Мы знаем, как нужно петь «Дельфинёнка». Одну строчку — Вера Альбертовна, другую — класс.
— «Приплыл на берег дельфинёнок», — поёт Вера Альбертовна, подражая детскому голоску артистки из ансамбля «Верасы». И смотрит на нас, предлагая продолжить.
— «Совсем ребёнок! — кричим мы. — Совсем ребёнок!»
— «И тут он слёз не удержал!» — продолжает весело Вера Альбертовна, словно у дельфинёнка сегодня какой-то семейный праздник.
А мы хором подхватываем:
— «Я где-то маму потерял!»
Вера Альбертовна опускает руки, она недовольна.
— Кто это ноет? — поражается она и повторяет куплет.
Конечно, ною я. Мне кажется, четвёртая строчка в песне трагическая. Что хорошего, если дельфинёнок потерял маму?! Да и весёлого в этом не больше.
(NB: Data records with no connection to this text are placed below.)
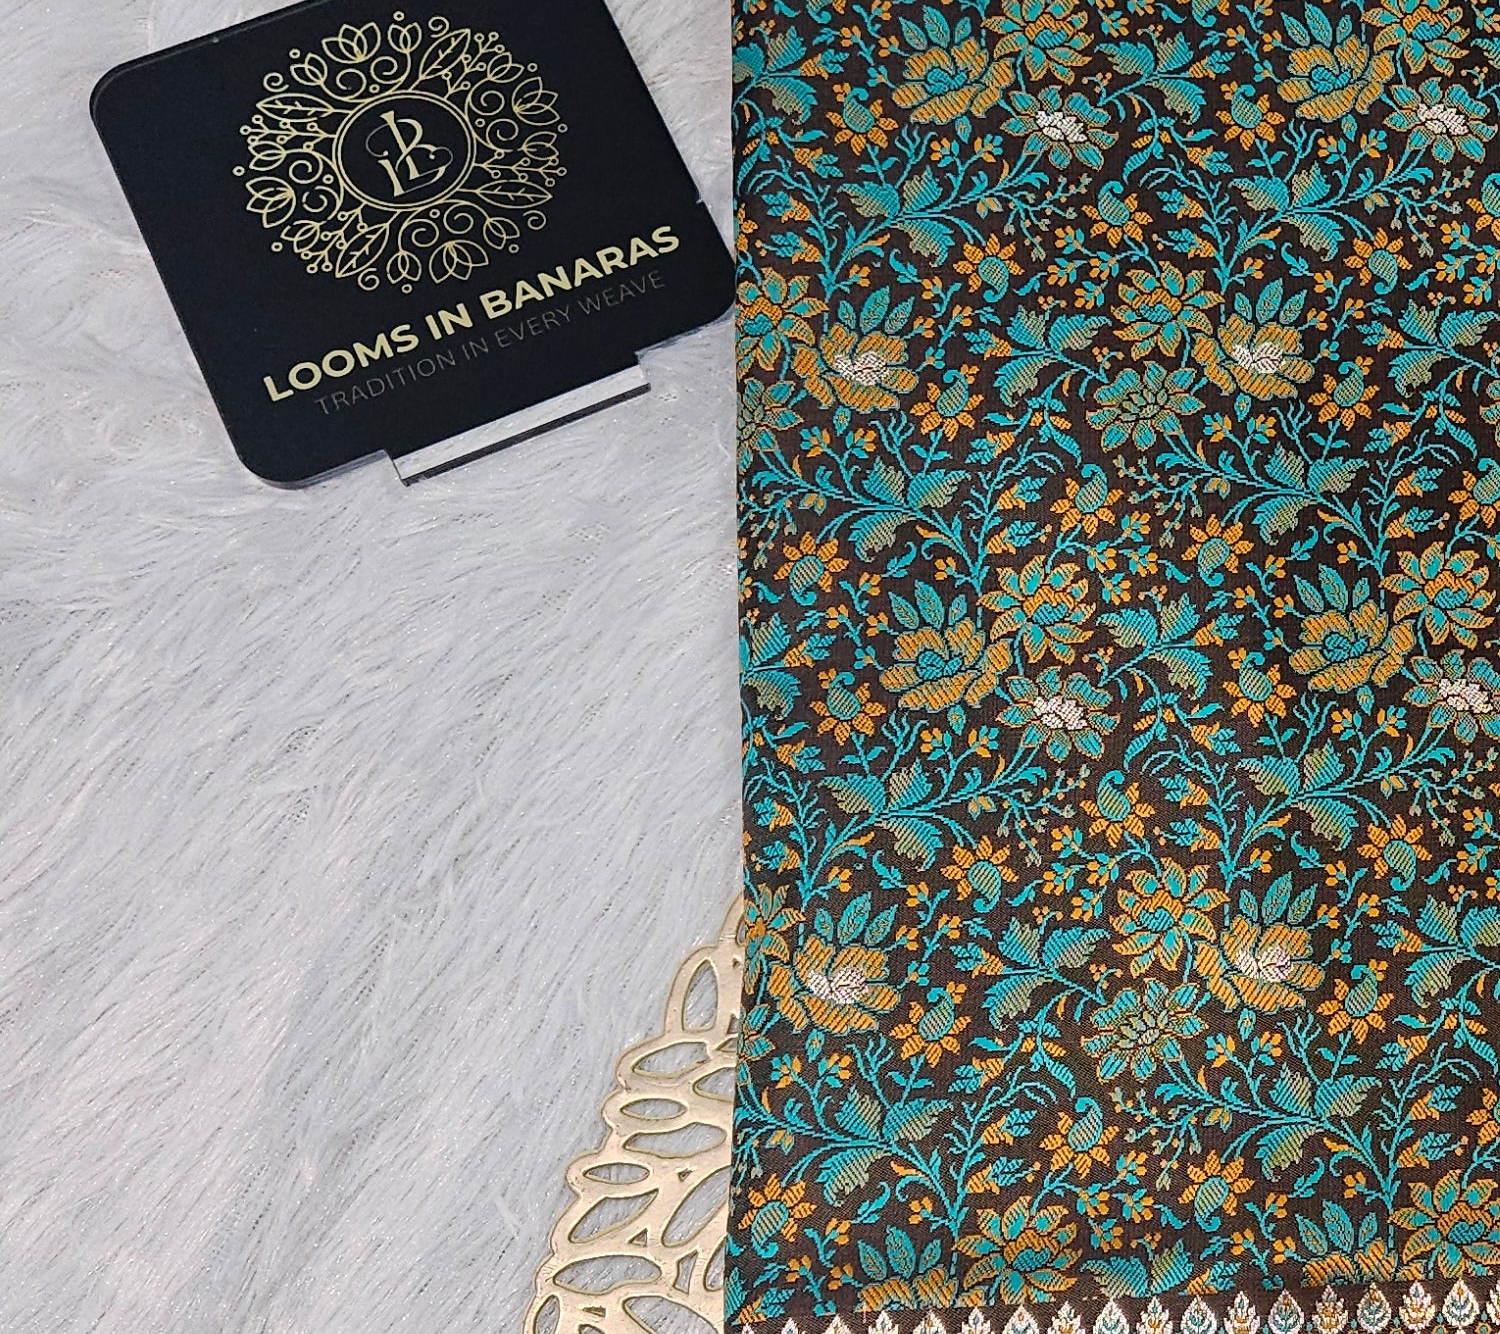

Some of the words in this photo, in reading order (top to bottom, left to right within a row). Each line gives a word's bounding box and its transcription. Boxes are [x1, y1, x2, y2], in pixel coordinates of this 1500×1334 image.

[263, 324, 420, 402] LOOMS
[425, 302, 474, 341] IN
[479, 225, 680, 319] BANARAS
[314, 350, 456, 415] TRADITION
[461, 337, 489, 361] IN
[494, 304, 571, 348] EVERY
[577, 269, 665, 315] WEAVE
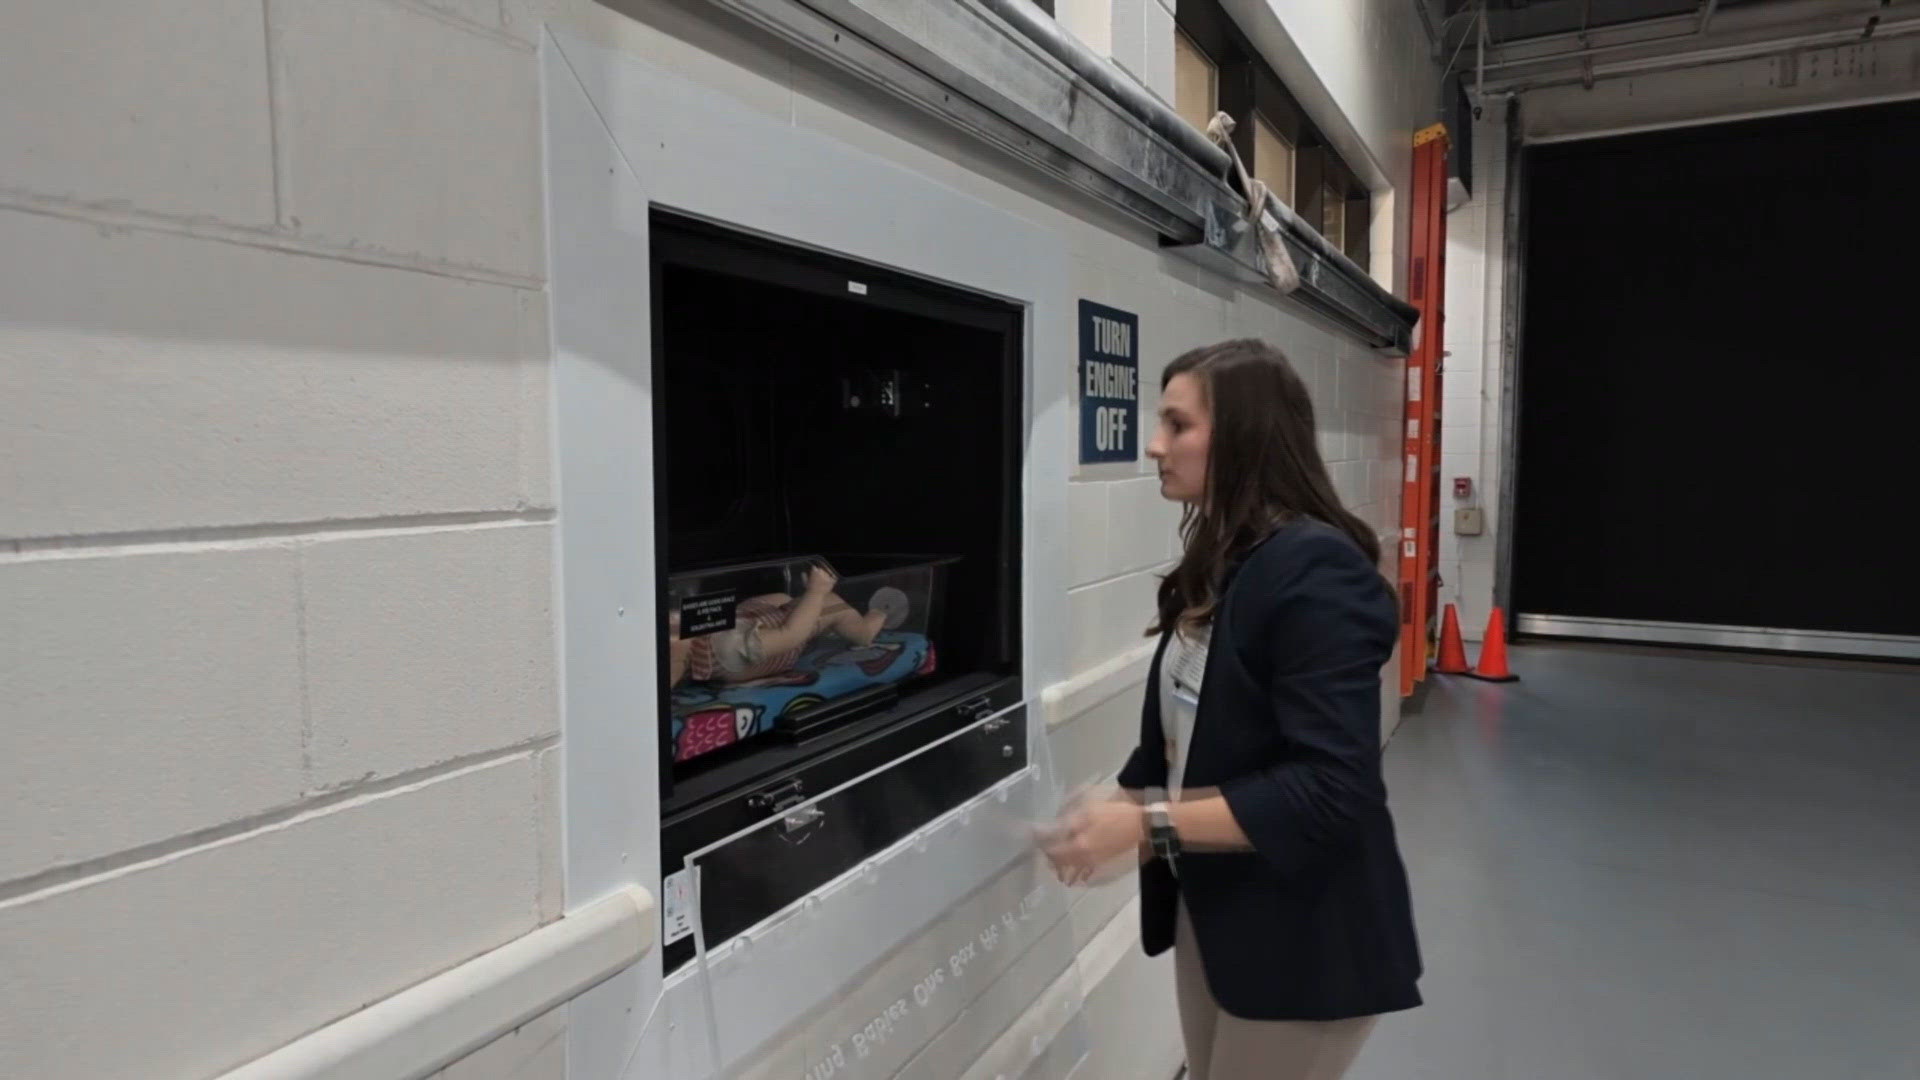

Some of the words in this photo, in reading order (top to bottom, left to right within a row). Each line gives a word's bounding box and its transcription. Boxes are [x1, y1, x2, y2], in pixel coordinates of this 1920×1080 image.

[1092, 316, 1131, 358] TURN
[1086, 359, 1137, 400] ENGINE
[1096, 406, 1127, 452] OFF
Класс поёт с подъёмом. Я не пою, а открываю рот. И закрываю. Зато я остаюсь при своём мнении.
* * *
В половине шестого обеденный стол уже расставлен, приборы, тарелки — всё, что нужно для приёма гостей.
Мне пора собираться к Севке.
— Главное, ведите себя тихо, — просит папа. — Столько детей остаётся без взрослых!
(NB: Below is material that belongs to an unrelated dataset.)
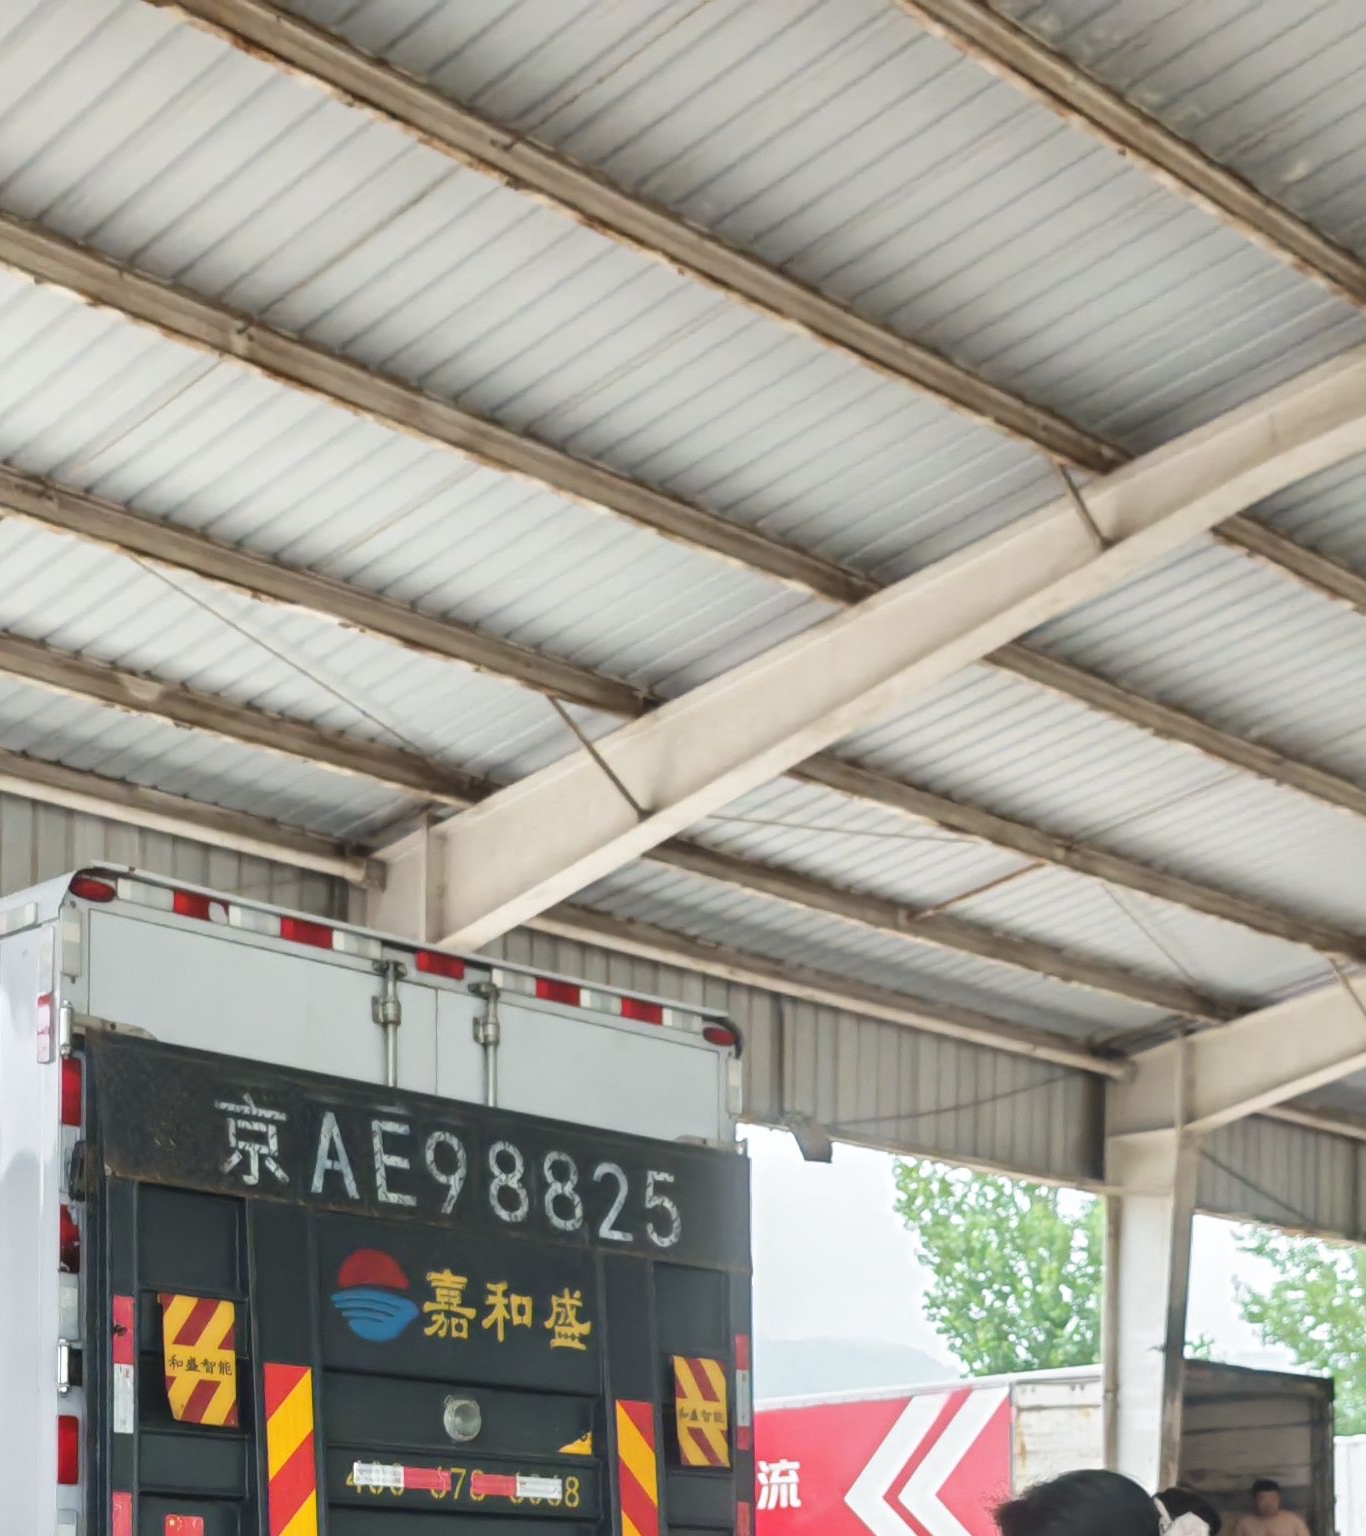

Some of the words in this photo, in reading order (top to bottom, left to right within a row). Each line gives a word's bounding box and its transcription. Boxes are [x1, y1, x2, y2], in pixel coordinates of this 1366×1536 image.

[215, 1092, 682, 1249] 京AE98825
[423, 1269, 592, 1350] 嘉和盛
[168, 1354, 233, 1376] 和盛智能
[757, 1459, 801, 1510] 流
— Почему же без взрослых? — уточняю я. — Севкин дедушка работает в кабинете, пишет.
— Ну, если дедушка дома, я спокоен, — говорит папа.
* * *
Когда я вошёл к Севке, звёздочка была уже в сборе. Тревожный гул не смолкал на кухне, казалось, все ребята говорят одновременно. Впрочем, не гул поразил меня, а резкий запах. Что случилось?
Я невольно задержал дыхание.
В носу словно щекотали соломинкой.
— Вы что-то уже натворили? — спросил я у Севки. — Что происходит?!
Байкин попытался объяснить, но тут его нос сморщился так, что стал похож на кнопку. Севка громко чихнул.
— А-апчхи! — повторил Байкин и рукой показал на Люську.
— Аа-пчхи! — ответил я, будто бы мы таким странным способом поздоровались.
Люська сидела напротив, как принцесса, откинув голову и положив ногу на ногу. Её лицо выражало презрение ко всем нам. Что-то неузнаваемо-важное было в ней.
Сначала я ничего не заметил, но тут мой взгляд упал на мех, вернее, на узкую меховую полоску, нечто серое и облезлое на Люськиной шее. Оно и пахло.
— Что это?! — удивился я. — Дохлая кошка?!
Все согласно зачихали.
— Апчхи! — прослезился Севка, торопливо роясь в карманах в поисках носового платка. — Вынула из какой-то помойки!
— Да это чуть ли не соболь! — возмутилась Люська, одаривая всех нас презрительным взглядом. — Редчайшая вещь! Мех может сто лет пролежать в сундуке. Да если вы хотите знать, в таких вещах ходили все дамы ещё в прошлом веке, сама видела.
— Что ты видела?! — поразилась Татка, которую, казалось, ничем, кроме музыки, поразить невозможно.
— Видела! — не сдавалась Люська. — На картинке в журнале. Называется — «Дама с горностаем». Да вы только посмотрите на меня, невежды!
Люська поднялась, гордая, и, откинув голову, неторопливо прошлась мимо нас, точно действительно была дамой.
— Правда, дико красиво?! — спросила она Майку. И так как Майка молчала, сказал с укором: — Читайте газеты! Там пишут: нужно одеваться модно.
От Люськиного расхаживания, от ветра, который она подняла, запах так усилился, что все зачихали ещё дружней. Не чихала только сама Люська, она оказалась чихоустойчивой.
— Да ничего красивого! — выкрикнул я. — Снимай своего драного соболя и тащи проветривать на улицу!
— На улицу нельзя! — возразил Мишка. — Может начаться чихание всего города. Давай на помойку!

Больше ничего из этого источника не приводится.